Authorities have said the couple drove the girl 168 miles south to their home in Antioch and held her prisoner there for the next 18 years, four months and 16 days. At first, she was locked in the shed then confined to a series of tents she would come to share with the daughters fathered by Phillip Garrido and delivered by his wife.

The defendants were arrested in August 2009 after Phillip Garrido inexplicably brought his ragtag clan to a meeting with his parole officer, who had no idea the convicted rapist had been living with a young woman and two girls he described as his nieces.

Dugard at first tried to conceal her identity, telling authorities she was hiding from an abusive husband in Minnesota and giving her name as Alyssa, Garrido eventually acknowledged kidnapping her, and Dugard disclosed her identity.

Her reappearance proved a costly embarrassment for California parole officials, who had to explain how a parolee under intensive supervision could live with his victim and have children with her undetected.
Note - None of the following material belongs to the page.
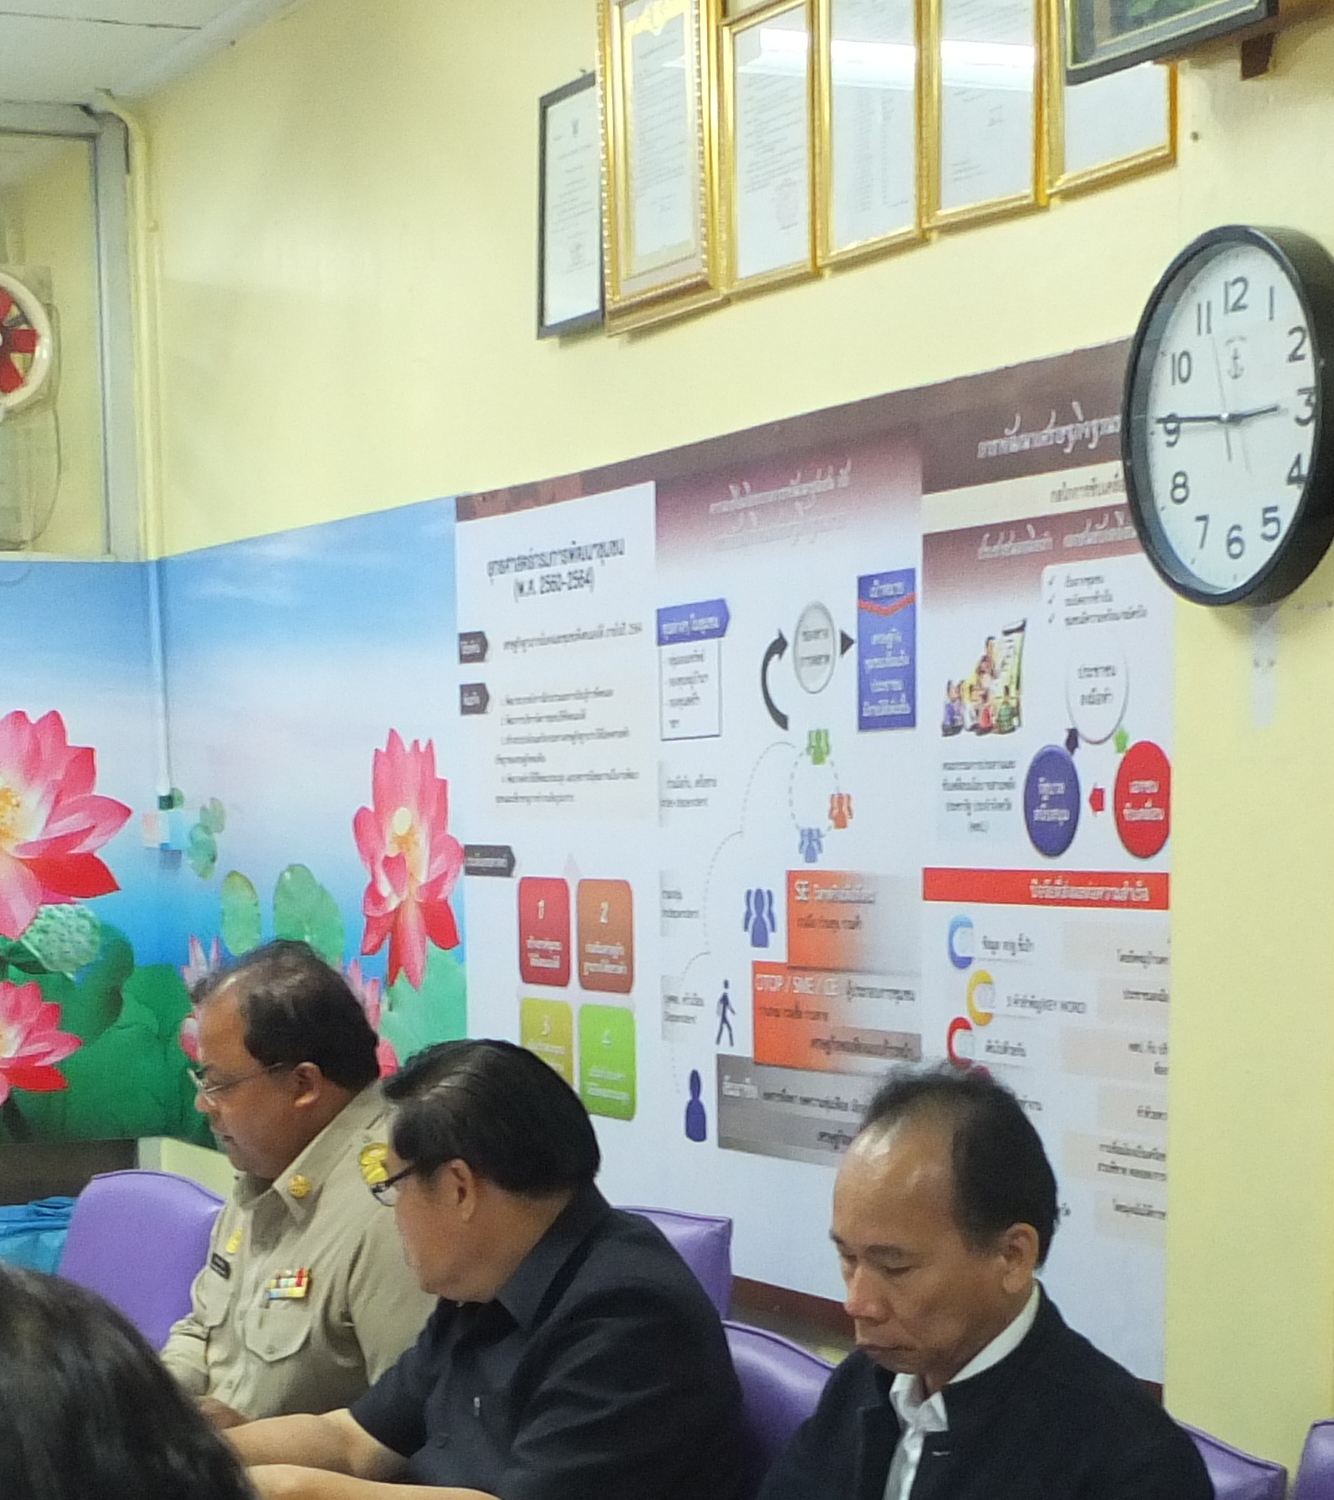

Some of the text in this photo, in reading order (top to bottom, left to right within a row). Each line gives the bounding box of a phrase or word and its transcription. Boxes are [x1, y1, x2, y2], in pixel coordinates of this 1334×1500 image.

The situation existed despite repeated surprise home visits and a woman telling sheriff's deputies in 2006 that her sex offender neighbor was living with small children.

The state last year paid Dugard a $20 million settlement under which officials acknowledged repeated mistakes were made by parole agents responsible for monitoring Garrido. California has since increased monitoring of sex offenders.